A quasi tre mesi dal lockdown, i fascicoli aperti salgono a un’ottantina. E sono ancora tutti a carico di ignoti. Al lavoro, coordinati dal procuratore aggiunto Carlo Nocerino, un pool dedicato formato da tre sostituti: i pm Corinna Carrara, Caty Bressanelli e Federica Ceschi. Il loro non è certo compito facile — come peraltro sottolineato anche dal neoprocuratore aggiunto Guido Rispoli: «Faremo il possibile, approfondiremo ogni segnalazione, ma sarà difficile» — partendo da un presupposto: l’assenza di protocolli e linee guida precise finalizzati alla gestione di un emergenza sanitaria le cui dimensioni hanno colto tutti alla sprovvista. Anche gli stessi medici contro i quali, adesso, ci sono famigliari che puntano il dito per la presunta inidoneità delle cura prestate a una persona cara in corsia.

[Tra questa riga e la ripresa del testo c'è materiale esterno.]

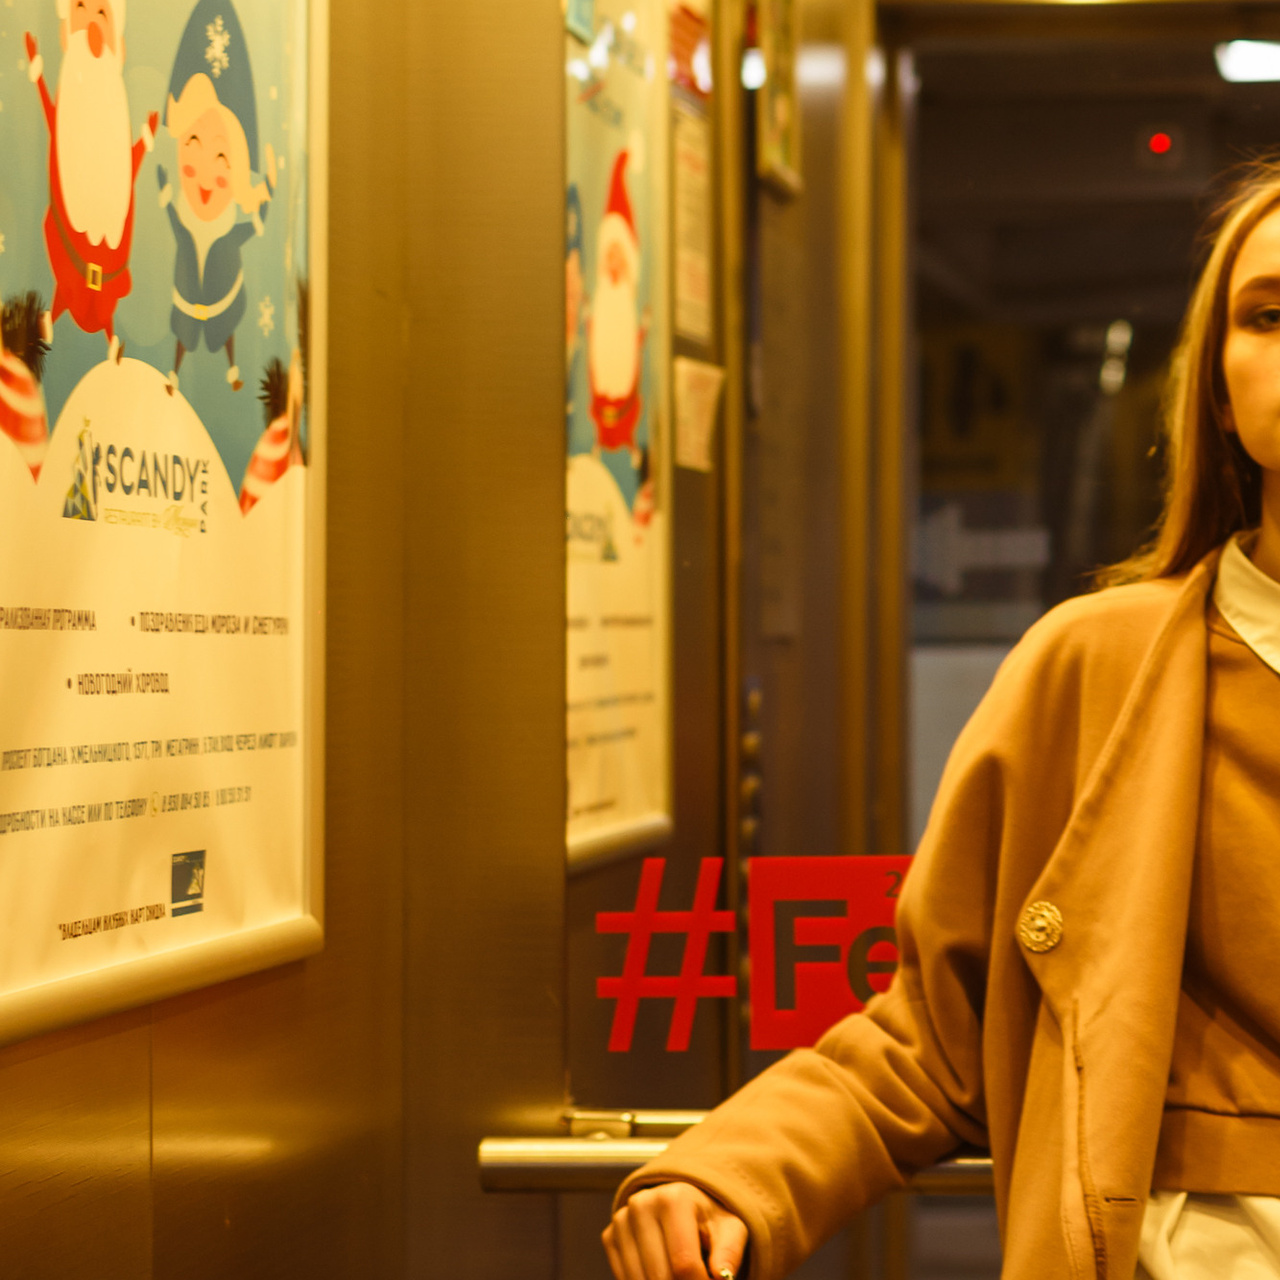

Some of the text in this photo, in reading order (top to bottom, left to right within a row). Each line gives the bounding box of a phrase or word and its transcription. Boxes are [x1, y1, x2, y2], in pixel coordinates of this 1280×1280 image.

O in Rsa, la ferita più profonda che si è aperta in città e provincia: una strage. I numeri delle 86 strutture che fanno capo ad Ats Brescia dicono di circa 1.600 vittime, tra gli anziani ospiti, solo nei mesi di febbraio e marzo (pochissimi certificati Covid) così come risulta dai dossier consegnati dai carabinieri del Nas che lavorano in tandem con i tecnici di Ats. E mancano ancora i numeri di 14 case di riposo in Valcamonica. Così come l’informativa finale, quella riepilogativa, delle forze dell’ordine delegate a indagare.
Segnalati negli esposti ci sono poi anche i rappresentanti istituzionali, Governo e Regione che stando a chi denuncia non avrebbero saputo gestire la pandemia con le disposizioni e i tempi migliori. Nel mirino, per esempio, anche la mancata istituzione di ulteriori «zone rosse», magari a Orzinuovi — oltre che a Nembro e Alzano, nella Bergamasca — il paese bresciano più colpito dal coronavirus in termini di contagi e vittime in relazione alla popolazione. Alla Lombardia si contesta poi la scelta di far trasferire i pazienti Covid (dimessi) proprio in quelle Rsa diventate a loro volta inconsapevoli focolai. E nelle quali l’organizzazione non avrebbe saputo tenere testa all’emergenza: in termini di risorse umane, dispositivi di protezione messi a disposizione per agire in piena sicurezza e cautele. Del resto, si è navigato a vista. A lungo.
Le indagini saranno lunghe e complesse. Come persone informate dei fatti, sono già stati sentiti dagli inquirenti alcuni operatori e dirigenti sanitari. Chiamati a ripercorrere in quali condizioni — e con quali protezioni — si sono ritrovati a lavorare per settimane. Ma il problema è a monte: se non c’erano «buone pratiche» precise da rispettare, non possono nemmeno essere state in qualche modo disattese. Con colpa o dolo. Non solo. Anche se fosse, alla magistratura toccherebbe dimostrare che l’esatto contrario avrebbe evitato lesioni e morti.
Non aiuta, peraltro, nemmeno l’impossibilità di condurre una serie di autopsie che avrebbero determinato la causa del decesso di centinaia di persone non sottoposte a tampone (troppo pericoloso per la carica virale).